Fixing any aspect of the NESI – liquidity, commercial, technical, manpower optimisation will be a mirage if policy instruments are based on  assumptions, sentiments, or fragmented interventions. The crystallization of a successful NESI requires full visibility into the entire value chain – from gas supply and generation to transmission and distribution through the engagement of accurate, real-time data, so that stakeholders are not left navigating blind spots, making decisions that lack precision and impact. Data is not merely about crunching numbers; it is about generating ideas, revealing patterns, and enabling insight-driven actions. In today’s energy landscape, data is the most powerful problem solver. It empowers utilities to optimize operations, regulators to enforce accountability, and investors to make informed commitments. Data has emerged as a defining force of the 21st century – a true superpower across industries and disciplines. From oil and gas exploration, where seismic data guides drilling decisions, to modern warfare, where intelligence and real-time analytics shape strategy, data has transformed how we understand and act on the world around us. 

It played a pivotal role in fighting COVID-19, enabling contact tracing, vaccine development, and resource allocation. In combating air pollution, data from sensors and satellites inform policy and public health interventions. In navigation, it powers GPS systems and autonomous vehicles. In agriculture, it drives precision farming, optimizing yields and resource use. And in utilities, especially the electricity sector, data enables grid stability, loss reduction, and customer engagement. Data is not just about numbers – it’s about insight, foresight, and action. It is the invisible infrastructure behind innovation, resilience, and progress.


For a passionate advocate of a data-driven NESI transformation, it is imperative that the DisCos- the financial engine of the NESI, begin to fully harness the vast volumes of data generated. Not speculative or manipulated data but real-time and reliable data captured every second, every minute, and every hour across their operational landscape through robust and reliable communication platforms. In the view of Sherlock Holmes, “it is a capital mistake to theorize before one has data” 


These data, when captured through a robust and reliable communication infrastructure, hold the key to unlocking the financial stability the sector so desperately needs. From real-time consumption patterns and network performance to customer behavior and loss detection, data offers actionable insights that can drive smarter billing, reduce non-technical losses, targeted investments, operational efficiency, and ultimately, revenue assurance.
The DisCos generate vast amount of operational data, with meter data serving as a critical starting point for revenue protection and optimization of operations. To fully harness this potential, DisCos must invest not only in smart meters but in truly world class communication infrastructure and advanced analytics. The recent smart metering initiatives by the Federal Government, while a step in the right direction, have largely lacked the strategic coherence of a national policy framework.
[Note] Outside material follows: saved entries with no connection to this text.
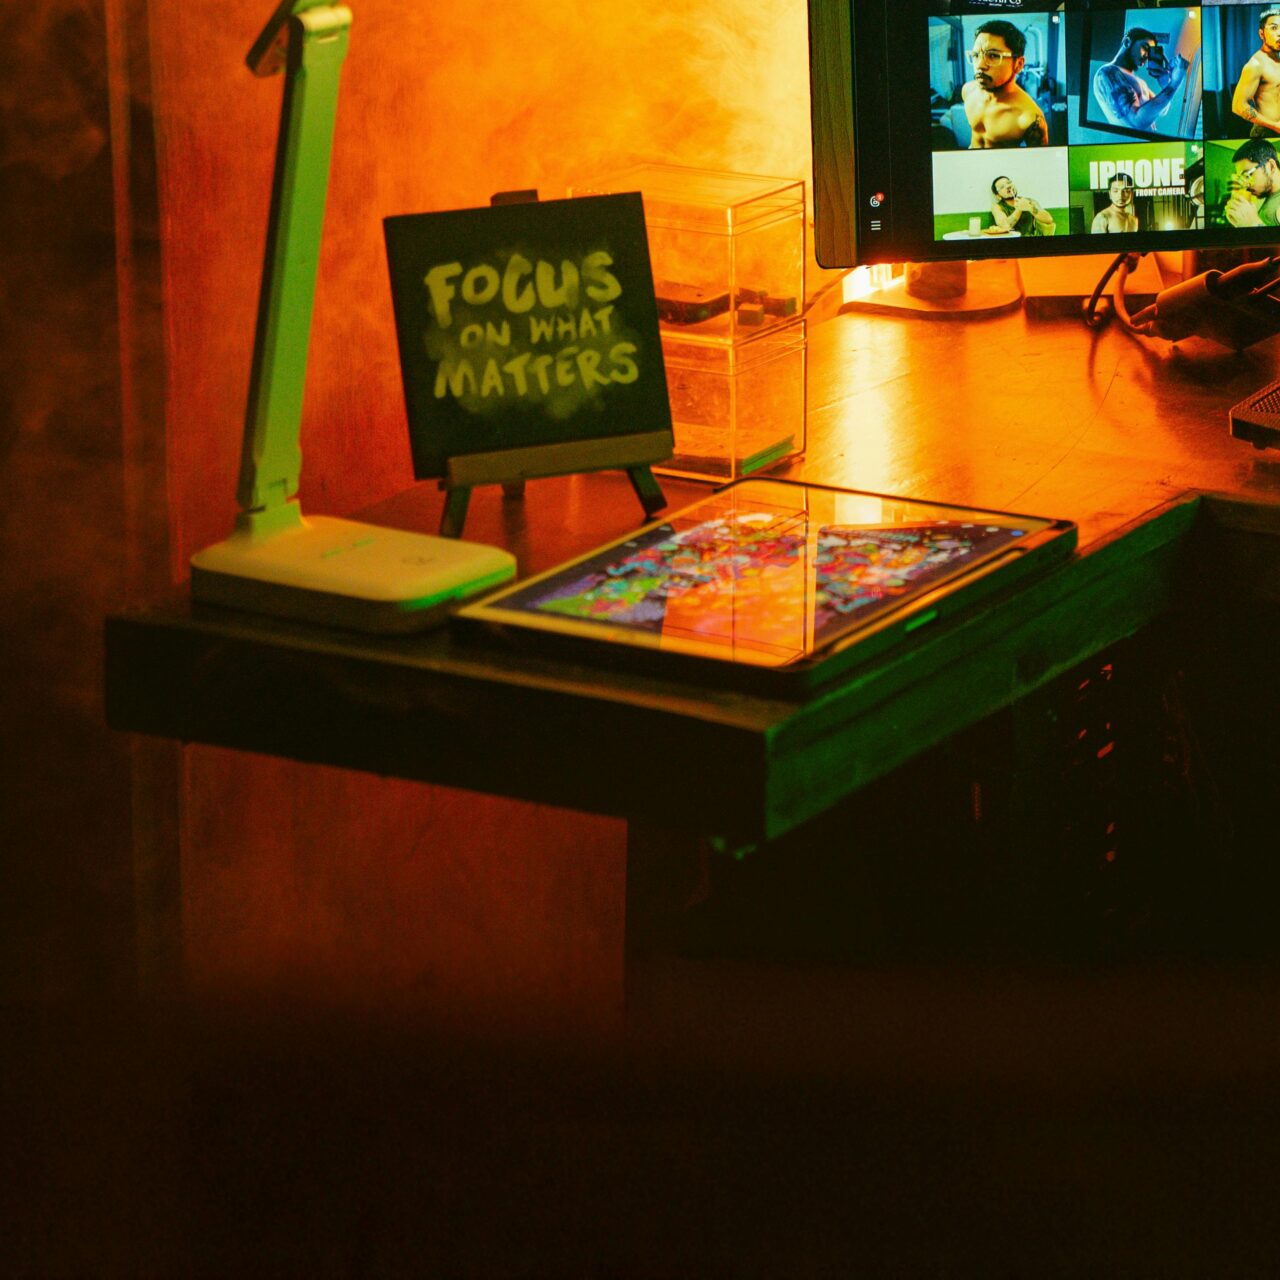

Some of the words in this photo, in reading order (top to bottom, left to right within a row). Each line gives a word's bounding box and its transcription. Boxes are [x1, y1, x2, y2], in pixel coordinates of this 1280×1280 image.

[1089, 158, 1185, 190] IPHONE
[1135, 188, 1157, 197] FRONT
[1157, 187, 1185, 196] CAMERA
[424, 251, 622, 328] FOCUS
[460, 321, 511, 348] ON
[529, 305, 614, 345] WHAT
[433, 342, 639, 399] MATTERS
Successive administrations have treated smart metering as a tool to bridge the metering gap, rather than as a strategic instrument for financial transformation within the Nigeria Electricity Supply Industry (NESI).


A well-planned smart meter rollout, underpinned by a robust and reliable communication platform for acquiring real-time data, has the potential to do far more than just count kilowatt-hours. It can help: Reduce non-technical losses significantly, Optimize operational efficiency, Improve customer service experience, Enhance energy efficiency, and Reinforce revenue assurance.


If  DisCos are to become the financial engine of NESI, they must begin to treat data not as a byproduct of operations, but as a strategic asset – one that can unlock liquidity, restore investor confidence, and drive sustainable growth across the sector. “Data is light in a dark room”.